§ **TRY IT**: Working line by line, output the entries below exactly as they appear.

'''

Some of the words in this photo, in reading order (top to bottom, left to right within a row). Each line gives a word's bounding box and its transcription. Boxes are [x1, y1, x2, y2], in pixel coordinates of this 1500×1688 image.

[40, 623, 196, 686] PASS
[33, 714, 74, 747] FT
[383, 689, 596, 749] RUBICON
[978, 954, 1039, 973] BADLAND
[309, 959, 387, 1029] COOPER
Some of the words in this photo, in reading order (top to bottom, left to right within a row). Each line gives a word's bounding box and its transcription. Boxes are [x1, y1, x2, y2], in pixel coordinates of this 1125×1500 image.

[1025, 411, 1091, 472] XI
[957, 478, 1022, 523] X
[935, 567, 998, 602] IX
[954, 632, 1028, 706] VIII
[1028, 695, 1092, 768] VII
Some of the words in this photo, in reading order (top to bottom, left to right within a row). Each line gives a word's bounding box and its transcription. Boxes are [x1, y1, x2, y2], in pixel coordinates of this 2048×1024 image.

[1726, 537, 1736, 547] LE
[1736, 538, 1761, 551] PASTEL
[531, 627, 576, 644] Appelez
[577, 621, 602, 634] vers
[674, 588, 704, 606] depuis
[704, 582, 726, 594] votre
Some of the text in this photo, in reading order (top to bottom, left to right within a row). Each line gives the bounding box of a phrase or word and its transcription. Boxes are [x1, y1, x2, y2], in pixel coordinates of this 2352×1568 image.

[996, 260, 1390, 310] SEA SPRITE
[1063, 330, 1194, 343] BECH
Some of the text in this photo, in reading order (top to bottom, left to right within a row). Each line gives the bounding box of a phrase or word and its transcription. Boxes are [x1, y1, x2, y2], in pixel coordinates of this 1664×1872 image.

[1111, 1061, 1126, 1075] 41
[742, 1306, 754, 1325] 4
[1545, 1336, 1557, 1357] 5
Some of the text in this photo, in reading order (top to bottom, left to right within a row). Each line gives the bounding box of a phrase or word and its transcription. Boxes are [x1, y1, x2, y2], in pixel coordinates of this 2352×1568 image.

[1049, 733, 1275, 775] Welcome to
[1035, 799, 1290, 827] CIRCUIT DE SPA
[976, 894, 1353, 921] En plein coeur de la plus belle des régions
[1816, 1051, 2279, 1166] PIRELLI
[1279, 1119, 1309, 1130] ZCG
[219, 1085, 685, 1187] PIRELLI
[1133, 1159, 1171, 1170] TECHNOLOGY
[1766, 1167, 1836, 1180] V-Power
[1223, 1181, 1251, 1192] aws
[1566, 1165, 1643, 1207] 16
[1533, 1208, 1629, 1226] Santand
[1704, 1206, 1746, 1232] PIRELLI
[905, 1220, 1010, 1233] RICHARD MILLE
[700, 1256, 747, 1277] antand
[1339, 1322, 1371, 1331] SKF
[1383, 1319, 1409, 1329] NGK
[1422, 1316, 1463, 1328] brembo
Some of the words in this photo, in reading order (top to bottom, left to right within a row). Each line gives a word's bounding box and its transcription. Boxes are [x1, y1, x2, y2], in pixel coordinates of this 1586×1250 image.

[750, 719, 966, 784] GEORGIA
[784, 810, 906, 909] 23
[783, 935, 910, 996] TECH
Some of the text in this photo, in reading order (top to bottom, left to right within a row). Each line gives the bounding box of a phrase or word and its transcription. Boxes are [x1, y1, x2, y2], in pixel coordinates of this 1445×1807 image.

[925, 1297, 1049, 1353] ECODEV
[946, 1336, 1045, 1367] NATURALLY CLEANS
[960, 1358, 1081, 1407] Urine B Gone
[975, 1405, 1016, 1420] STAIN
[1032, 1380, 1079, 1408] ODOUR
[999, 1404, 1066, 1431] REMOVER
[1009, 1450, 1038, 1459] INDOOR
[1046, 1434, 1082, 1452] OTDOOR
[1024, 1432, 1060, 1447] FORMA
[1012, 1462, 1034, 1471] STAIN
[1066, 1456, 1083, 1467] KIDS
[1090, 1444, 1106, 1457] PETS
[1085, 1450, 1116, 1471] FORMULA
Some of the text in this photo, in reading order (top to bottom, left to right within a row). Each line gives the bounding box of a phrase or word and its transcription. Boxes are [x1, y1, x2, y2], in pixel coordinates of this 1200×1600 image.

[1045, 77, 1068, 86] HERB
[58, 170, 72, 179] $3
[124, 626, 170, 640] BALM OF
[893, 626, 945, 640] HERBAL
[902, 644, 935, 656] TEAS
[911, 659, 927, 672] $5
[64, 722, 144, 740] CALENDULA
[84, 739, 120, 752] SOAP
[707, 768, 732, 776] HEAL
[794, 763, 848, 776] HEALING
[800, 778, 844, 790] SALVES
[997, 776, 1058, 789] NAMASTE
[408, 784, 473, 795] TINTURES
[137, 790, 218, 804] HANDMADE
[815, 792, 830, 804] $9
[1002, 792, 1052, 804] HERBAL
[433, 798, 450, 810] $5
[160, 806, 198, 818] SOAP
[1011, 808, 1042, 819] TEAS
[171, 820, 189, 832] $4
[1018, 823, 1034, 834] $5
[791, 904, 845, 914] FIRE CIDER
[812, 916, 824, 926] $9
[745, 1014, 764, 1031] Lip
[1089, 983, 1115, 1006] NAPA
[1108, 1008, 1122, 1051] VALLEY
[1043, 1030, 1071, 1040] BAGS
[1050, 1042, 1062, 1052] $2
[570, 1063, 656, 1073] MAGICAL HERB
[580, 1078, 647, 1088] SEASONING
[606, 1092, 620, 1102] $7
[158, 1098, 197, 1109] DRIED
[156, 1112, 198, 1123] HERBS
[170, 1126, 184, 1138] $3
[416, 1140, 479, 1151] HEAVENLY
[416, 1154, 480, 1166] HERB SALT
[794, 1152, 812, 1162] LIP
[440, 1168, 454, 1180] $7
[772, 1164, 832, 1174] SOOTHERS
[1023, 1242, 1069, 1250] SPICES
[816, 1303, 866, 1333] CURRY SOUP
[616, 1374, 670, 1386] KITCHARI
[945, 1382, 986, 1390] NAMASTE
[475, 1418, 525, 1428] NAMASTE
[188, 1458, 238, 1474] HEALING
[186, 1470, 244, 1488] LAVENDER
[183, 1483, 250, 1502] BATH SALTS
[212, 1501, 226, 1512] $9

'''

§ **SOLUTION**:
Some of the words in this photo, in reading order (top to bottom, left to right within a row). Each line gives a word's bounding box and its transcription. Boxes are [x1, y1, x2, y2], in pixel coordinates of this 1500×1688 image.

[40, 623, 196, 686] PASS
[33, 714, 74, 747] FT
[383, 689, 596, 749] RUBICON
[978, 954, 1039, 973] BADLAND
[309, 959, 387, 1029] COOPER
Some of the words in this photo, in reading order (top to bottom, left to right within a row). Each line gives a word's bounding box and its transcription. Boxes are [x1, y1, x2, y2], in pixel coordinates of this 1125×1500 image.

[1025, 411, 1091, 472] XI
[957, 478, 1022, 523] X
[935, 567, 998, 602] IX
[954, 632, 1028, 706] VIII
[1028, 695, 1092, 768] VII
Some of the words in this photo, in reading order (top to bottom, left to right within a row). Each line gives a word's bounding box and its transcription. Boxes are [x1, y1, x2, y2], in pixel coordinates of this 2048×1024 image.

[1726, 537, 1736, 547] LE
[1736, 538, 1761, 551] PASTEL
[531, 627, 576, 644] Appelez
[577, 621, 602, 634] vers
[674, 588, 704, 606] depuis
[704, 582, 726, 594] votre
Some of the text in this photo, in reading order (top to bottom, left to right within a row). Each line gives the bounding box of a phrase or word and its transcription. Boxes are [x1, y1, x2, y2], in pixel coordinates of this 2352×1568 image.

[996, 260, 1390, 310] SEA SPRITE
[1063, 330, 1194, 343] BECH
Some of the text in this photo, in reading order (top to bottom, left to right within a row). Each line gives the bounding box of a phrase or word and its transcription. Boxes are [x1, y1, x2, y2], in pixel coordinates of this 1664×1872 image.

[1111, 1061, 1126, 1075] 41
[742, 1306, 754, 1325] 4
[1545, 1336, 1557, 1357] 5
Some of the text in this photo, in reading order (top to bottom, left to right within a row). Each line gives the bounding box of a phrase or word and its transcription. Boxes are [x1, y1, x2, y2], in pixel coordinates of this 2352×1568 image.

[1049, 733, 1275, 775] Welcome to
[1035, 799, 1290, 827] CIRCUIT DE SPA
[976, 894, 1353, 921] En plein coeur de la plus belle des régions
[1816, 1051, 2279, 1166] PIRELLI
[1279, 1119, 1309, 1130] ZCG
[219, 1085, 685, 1187] PIRELLI
[1133, 1159, 1171, 1170] TECHNOLOGY
[1766, 1167, 1836, 1180] V-Power
[1223, 1181, 1251, 1192] aws
[1566, 1165, 1643, 1207] 16
[1533, 1208, 1629, 1226] Santand
[1704, 1206, 1746, 1232] PIRELLI
[905, 1220, 1010, 1233] RICHARD MILLE
[700, 1256, 747, 1277] antand
[1339, 1322, 1371, 1331] SKF
[1383, 1319, 1409, 1329] NGK
[1422, 1316, 1463, 1328] brembo
Some of the words in this photo, in reading order (top to bottom, left to right within a row). Each line gives a word's bounding box and its transcription. Boxes are [x1, y1, x2, y2], in pixel coordinates of this 1586×1250 image.

[750, 719, 966, 784] GEORGIA
[784, 810, 906, 909] 23
[783, 935, 910, 996] TECH
Some of the text in this photo, in reading order (top to bottom, left to right within a row). Each line gives the bounding box of a phrase or word and its transcription. Boxes are [x1, y1, x2, y2], in pixel coordinates of this 1445×1807 image.

[925, 1297, 1049, 1353] ECODEV
[946, 1336, 1045, 1367] NATURALLY CLEANS
[960, 1358, 1081, 1407] Urine B Gone
[975, 1405, 1016, 1420] STAIN
[1032, 1380, 1079, 1408] ODOUR
[999, 1404, 1066, 1431] REMOVER
[1009, 1450, 1038, 1459] INDOOR
[1046, 1434, 1082, 1452] OTDOOR
[1024, 1432, 1060, 1447] FORMA
[1012, 1462, 1034, 1471] STAIN
[1066, 1456, 1083, 1467] KIDS
[1090, 1444, 1106, 1457] PETS
[1085, 1450, 1116, 1471] FORMULA
Some of the text in this photo, in reading order (top to bottom, left to right within a row). Each line gives the bounding box of a phrase or word and its transcription. Boxes are [x1, y1, x2, y2], in pixel coordinates of this 1200×1600 image.

[1045, 77, 1068, 86] HERB
[58, 170, 72, 179] $3
[124, 626, 170, 640] BALM OF
[893, 626, 945, 640] HERBAL
[902, 644, 935, 656] TEAS
[911, 659, 927, 672] $5
[64, 722, 144, 740] CALENDULA
[84, 739, 120, 752] SOAP
[707, 768, 732, 776] HEAL
[794, 763, 848, 776] HEALING
[800, 778, 844, 790] SALVES
[997, 776, 1058, 789] NAMASTE
[408, 784, 473, 795] TINTURES
[137, 790, 218, 804] HANDMADE
[815, 792, 830, 804] $9
[1002, 792, 1052, 804] HERBAL
[433, 798, 450, 810] $5
[160, 806, 198, 818] SOAP
[1011, 808, 1042, 819] TEAS
[171, 820, 189, 832] $4
[1018, 823, 1034, 834] $5
[791, 904, 845, 914] FIRE CIDER
[812, 916, 824, 926] $9
[745, 1014, 764, 1031] Lip
[1089, 983, 1115, 1006] NAPA
[1108, 1008, 1122, 1051] VALLEY
[1043, 1030, 1071, 1040] BAGS
[1050, 1042, 1062, 1052] $2
[570, 1063, 656, 1073] MAGICAL HERB
[580, 1078, 647, 1088] SEASONING
[606, 1092, 620, 1102] $7
[158, 1098, 197, 1109] DRIED
[156, 1112, 198, 1123] HERBS
[170, 1126, 184, 1138] $3
[416, 1140, 479, 1151] HEAVENLY
[416, 1154, 480, 1166] HERB SALT
[794, 1152, 812, 1162] LIP
[440, 1168, 454, 1180] $7
[772, 1164, 832, 1174] SOOTHERS
[1023, 1242, 1069, 1250] SPICES
[816, 1303, 866, 1333] CURRY SOUP
[616, 1374, 670, 1386] KITCHARI
[945, 1382, 986, 1390] NAMASTE
[475, 1418, 525, 1428] NAMASTE
[188, 1458, 238, 1474] HEALING
[186, 1470, 244, 1488] LAVENDER
[183, 1483, 250, 1502] BATH SALTS
[212, 1501, 226, 1512] $9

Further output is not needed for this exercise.